--- START ---

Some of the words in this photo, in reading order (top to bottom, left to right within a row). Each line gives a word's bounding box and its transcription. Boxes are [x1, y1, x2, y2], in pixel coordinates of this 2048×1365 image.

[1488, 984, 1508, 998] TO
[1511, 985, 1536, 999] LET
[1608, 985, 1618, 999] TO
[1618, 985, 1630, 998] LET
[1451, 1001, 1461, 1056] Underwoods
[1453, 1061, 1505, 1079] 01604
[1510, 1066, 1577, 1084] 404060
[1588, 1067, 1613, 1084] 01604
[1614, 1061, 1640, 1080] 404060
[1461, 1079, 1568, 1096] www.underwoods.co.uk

--- END ---

**Activity**.
Return every record in full, word for word.

**Task response**.
Some of the words in this photo, in reading order (top to bottom, left to right within a row). Each line gives a word's bounding box and its transcription. Boxes are [x1, y1, x2, y2], in pixel coordinates of this 2048×1365 image.

[1488, 984, 1508, 998] TO
[1511, 985, 1536, 999] LET
[1608, 985, 1618, 999] TO
[1618, 985, 1630, 998] LET
[1451, 1001, 1461, 1056] Underwoods
[1453, 1061, 1505, 1079] 01604
[1510, 1066, 1577, 1084] 404060
[1588, 1067, 1613, 1084] 01604
[1614, 1061, 1640, 1080] 404060
[1461, 1079, 1568, 1096] www.underwoods.co.uk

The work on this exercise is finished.